◆ **Task item**
Everything in the entries except the pictures should be repeated exactly.

━━━

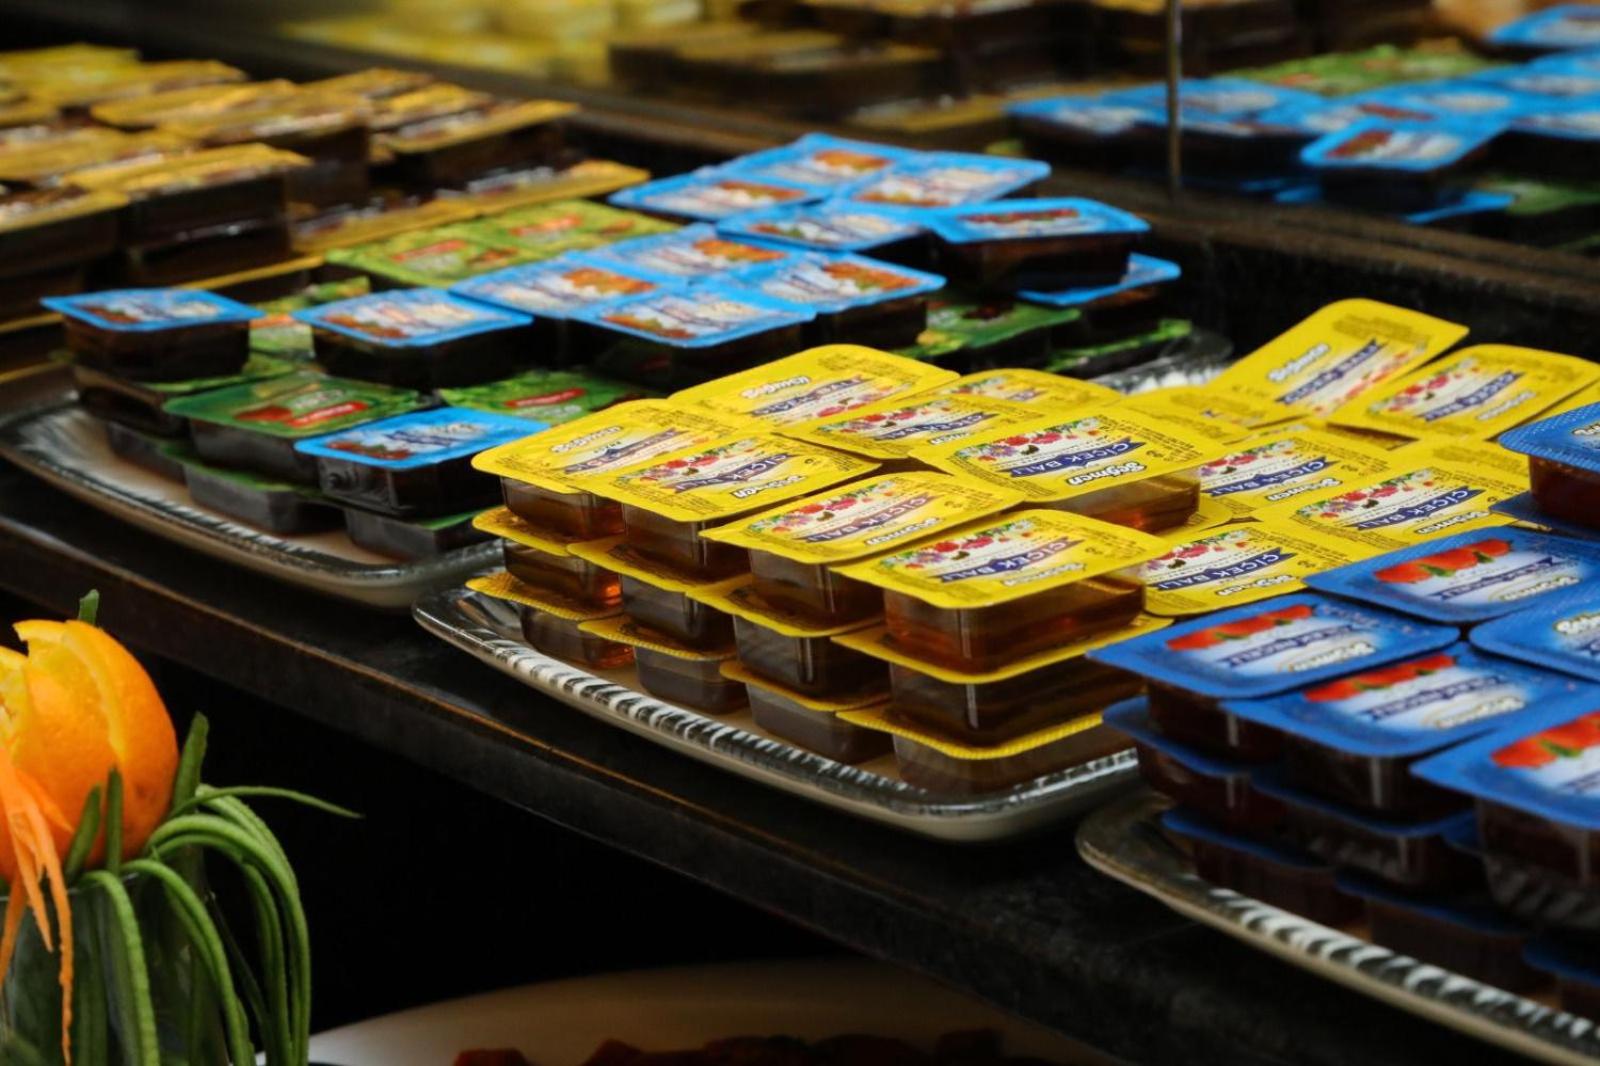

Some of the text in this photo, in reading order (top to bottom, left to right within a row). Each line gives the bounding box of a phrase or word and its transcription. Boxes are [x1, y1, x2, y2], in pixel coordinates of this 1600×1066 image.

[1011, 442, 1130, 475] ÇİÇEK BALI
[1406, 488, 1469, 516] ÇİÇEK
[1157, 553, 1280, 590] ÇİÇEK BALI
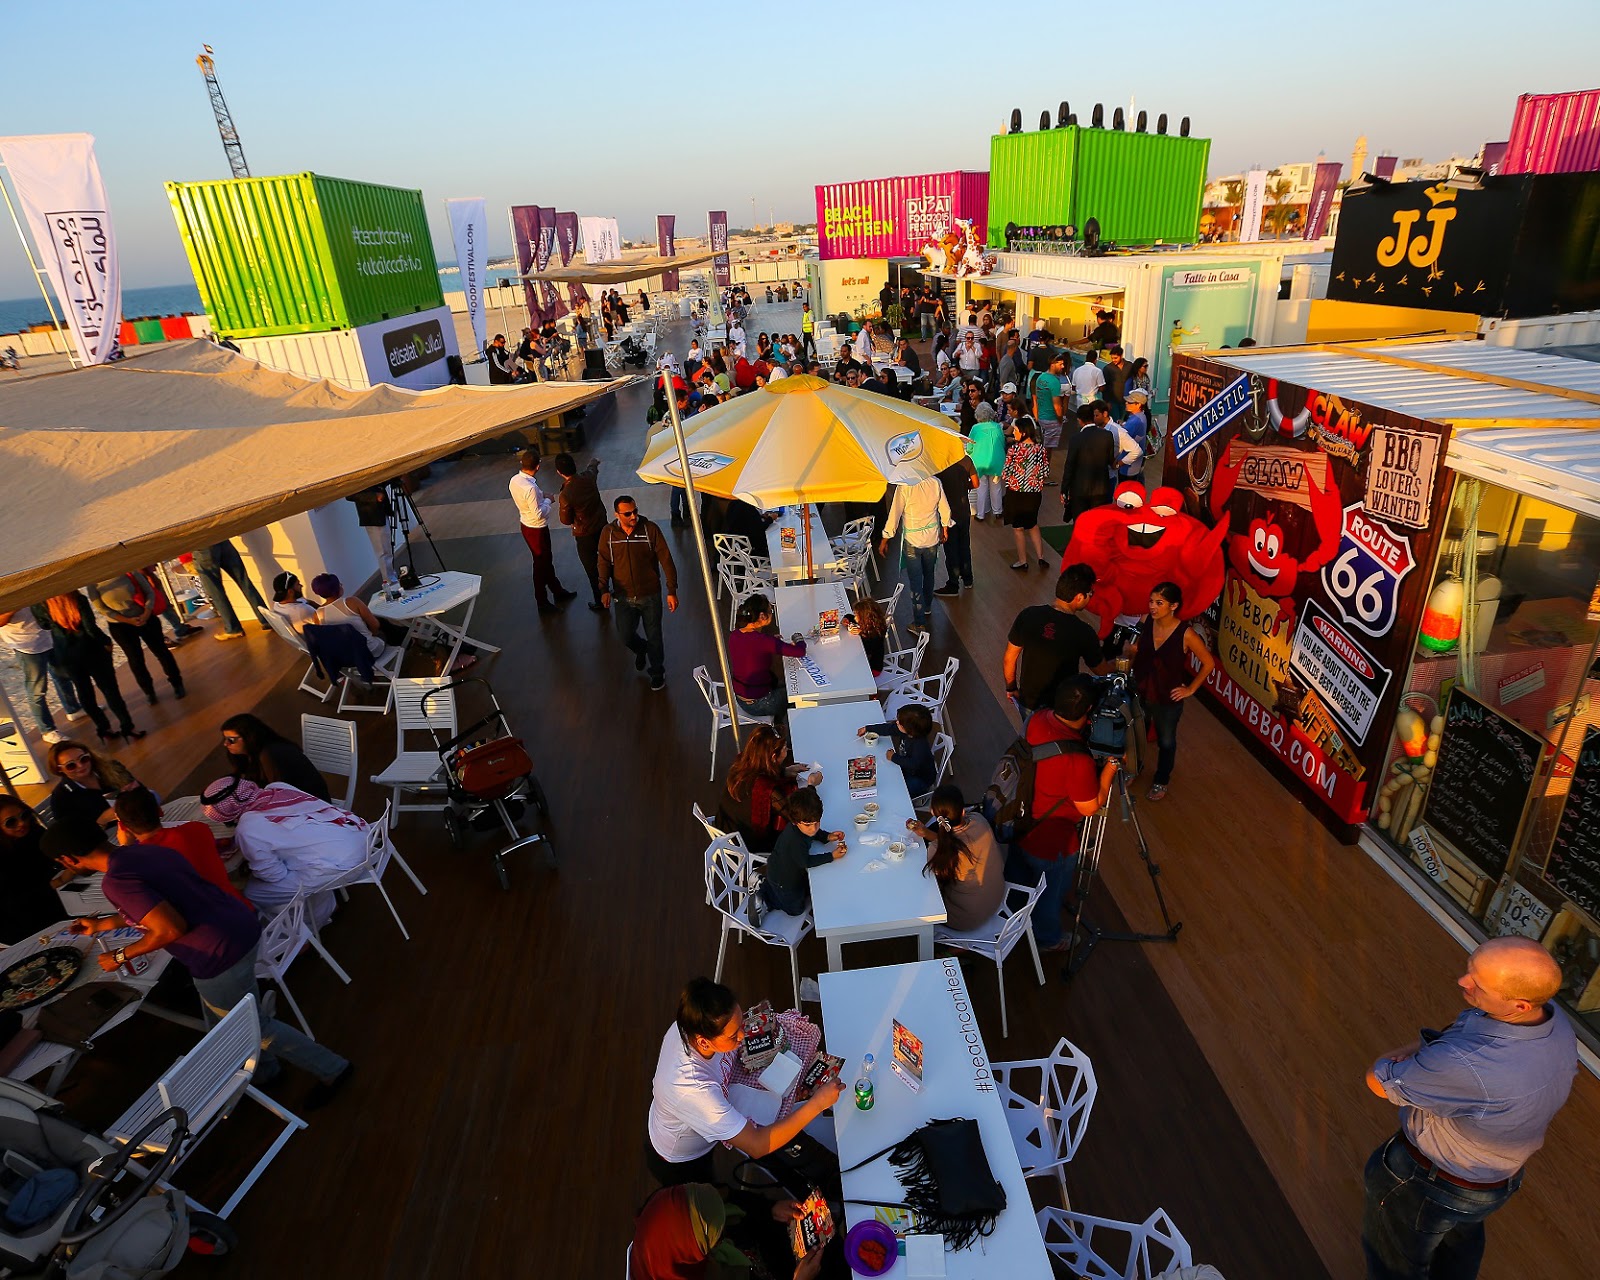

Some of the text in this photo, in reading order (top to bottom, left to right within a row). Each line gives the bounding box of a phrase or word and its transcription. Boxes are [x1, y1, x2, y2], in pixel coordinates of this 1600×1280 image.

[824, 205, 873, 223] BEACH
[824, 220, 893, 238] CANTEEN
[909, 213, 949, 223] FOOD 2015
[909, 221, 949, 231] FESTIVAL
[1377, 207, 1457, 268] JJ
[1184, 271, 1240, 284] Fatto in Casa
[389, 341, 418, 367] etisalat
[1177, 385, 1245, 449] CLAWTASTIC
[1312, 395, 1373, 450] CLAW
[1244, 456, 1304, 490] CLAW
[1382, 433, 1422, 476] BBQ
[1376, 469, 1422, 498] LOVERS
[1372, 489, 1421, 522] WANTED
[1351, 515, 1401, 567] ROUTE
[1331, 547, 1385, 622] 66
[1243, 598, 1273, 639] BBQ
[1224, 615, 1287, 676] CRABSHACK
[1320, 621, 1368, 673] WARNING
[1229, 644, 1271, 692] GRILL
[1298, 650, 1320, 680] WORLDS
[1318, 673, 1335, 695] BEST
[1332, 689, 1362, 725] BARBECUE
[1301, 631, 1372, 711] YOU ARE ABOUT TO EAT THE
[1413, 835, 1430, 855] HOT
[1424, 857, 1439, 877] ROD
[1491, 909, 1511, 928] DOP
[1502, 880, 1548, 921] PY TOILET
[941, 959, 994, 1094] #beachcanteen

━━━

◆ **Reply to the exercise**
Some of the text in this photo, in reading order (top to bottom, left to right within a row). Each line gives the bounding box of a phrase or word and its transcription. Boxes are [x1, y1, x2, y2], in pixel coordinates of this 1600×1066 image.

[1011, 442, 1130, 475] ÇİÇEK BALI
[1406, 488, 1469, 516] ÇİÇEK
[1157, 553, 1280, 590] ÇİÇEK BALI

Some of the text in this photo, in reading order (top to bottom, left to right within a row). Each line gives the bounding box of a phrase or word and its transcription. Boxes are [x1, y1, x2, y2], in pixel coordinates of this 1600×1280 image.

[824, 205, 873, 223] BEACH
[824, 220, 893, 238] CANTEEN
[909, 213, 949, 223] FOOD 2015
[909, 221, 949, 231] FESTIVAL
[1377, 207, 1457, 268] JJ
[1184, 271, 1240, 284] Fatto in Casa
[389, 341, 418, 367] etisalat
[1177, 385, 1245, 449] CLAWTASTIC
[1312, 395, 1373, 450] CLAW
[1244, 456, 1304, 490] CLAW
[1382, 433, 1422, 476] BBQ
[1376, 469, 1422, 498] LOVERS
[1372, 489, 1421, 522] WANTED
[1351, 515, 1401, 567] ROUTE
[1331, 547, 1385, 622] 66
[1243, 598, 1273, 639] BBQ
[1224, 615, 1287, 676] CRABSHACK
[1320, 621, 1368, 673] WARNING
[1229, 644, 1271, 692] GRILL
[1298, 650, 1320, 680] WORLDS
[1318, 673, 1335, 695] BEST
[1332, 689, 1362, 725] BARBECUE
[1301, 631, 1372, 711] YOU ARE ABOUT TO EAT THE
[1413, 835, 1430, 855] HOT
[1424, 857, 1439, 877] ROD
[1491, 909, 1511, 928] DOP
[1502, 880, 1548, 921] PY TOILET
[941, 959, 994, 1094] #beachcanteen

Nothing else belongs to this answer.